Fathi and colleagues assessed the combination of vadastuximab talirine (SGN-CD33A, Seattle Genetics) — a CD33-targeted antibody-drug conjugate — and azacitidine or decitabine among 53 patients (median age, 75 years) with AML. Exclusion criteria included previous treatment with hypomethylating agents. However, prior low-intensity treatment was allowed.

Thirty-eight percent of patients had adverse cytogenic risk and 62% had intermediate risk. Forty-five percent of patients had secondary AML.

Patients received IV 10 g/kg vadastuximab talirine on the last day of hypomethylating agent infusion in 4-week cycles.

Median treatment duration was 19.3 weeks

Researchers observed a 30-day mortality rate of 2% and a 60-day mortality rate of 8%.

The complete remission rate, which included complete remission with incomplete blood count recovery, was 70%. Researchers observed 51% of remissions were minimal residual disease negative on flow cytometry.

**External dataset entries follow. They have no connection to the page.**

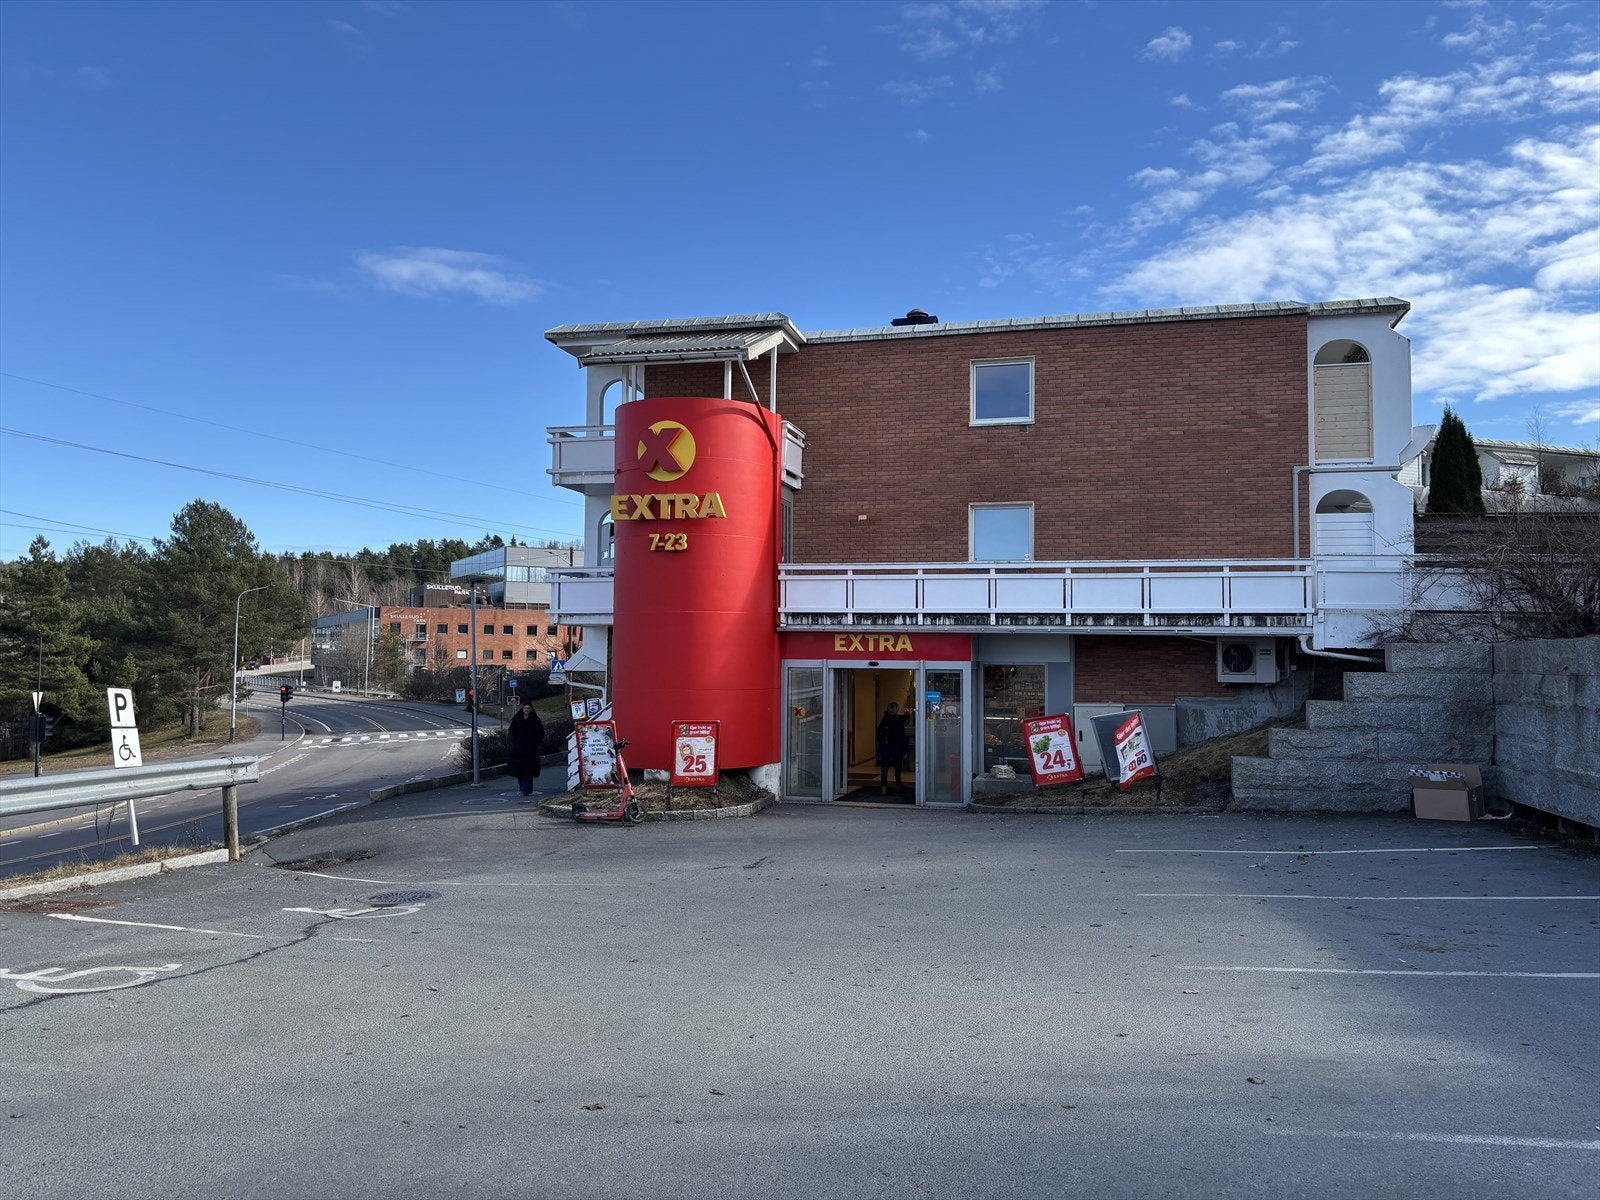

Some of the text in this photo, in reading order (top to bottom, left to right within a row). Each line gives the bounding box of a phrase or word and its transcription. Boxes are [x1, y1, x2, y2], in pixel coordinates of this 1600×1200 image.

[610, 492, 727, 521] EXTRA
[649, 533, 688, 551] 7-23
[834, 634, 913, 652] EXTRA
[114, 693, 127, 722] P
[683, 755, 707, 773] 25

Researchers noted high complete remission rates persisted among patients with secondary AML (75%), those aged 75 years or older (62%), and those with adverse cytogenic risk (80%).

Median RFS was 7.7 months (95% CI, 4.9-15.4) and median OS was 11.3 months (95% CI, 8.8-13.2).

Researcher did not observe any dose-limiting toxicities or infusion related reactions.

The most common treatment-related adverse events included fatigue (62%), thrombocytopenia (62%), nausea (53%), anemia (49%), febrile neutropenia (49%), constipation (47%), decreased appetite (45%), neutropenia (45%), peripheral edema (42%), dyspnea (34%), pyrexia (32%), diarrhea (28%), dizziness (28%), vomiting (28%), hypotension (25%), cough (23%), headache (21%) and insomnia (21%).

Fifty-seven percent of patients experiencing grade 3 or higher thrombocytopenia.

Researchers observed no grade 3 or higher bleeding events. The most common bleeding events of any grade included epistaxis (19%), contusion (11%) and petechiae (11%).

Infections of any grade occurred among 79% of patients, including grade 3 or higher lung infections (34%), sepsis (11%) and bacteremia (11%).

The safety profile appeared similar regardless of whether patients received azacitidine or decitabine, except for febrile neutropenia, which occurred among 23% of patients treated with azacitidine compared with 59% of those treated with decitabine.

Adverse events delayed 43% of all doses of vadastuximab talirine.

Following the results of this phase 1 trial, researchers launched the global, randomized, placebo-controlled phase 3 CASCADE trial of vadastuximab talirine with hypomethylating agents compared with hypomethylating agents alone. However, the trial was terminated early due to increased deaths on the combination arm.

“Though the data from the CASCADE trial remain under analysis, lack of success on the phase 3 study may demonstrate the difficulties inherent in translating promising phase 1 results to a much larger, global study of an older population of hypomethylating agent-eligible AML patients who are more susceptible to toxicity,” the researchers wrote.

“Future studies with myelosuppressive novel agents in this population, many of whom develop potentially lethal cytopenias, may require more strict protocol-defined guidelines for supportive care and monitoring, including criteria for hospitalization, which would include clinical developments such as fever, severe or progressive bleeding, progressive dyspnea or hypoxia among others, as well as mandated use of prophylactic antimicrobials,” they added. – by Cassie Homer

Disclosures: Seattle Genetics funded the study. Fathi reports consultant and steering committee roles with Seattle Genetics. Please see the study for all other authors’ relevant financial disclosures.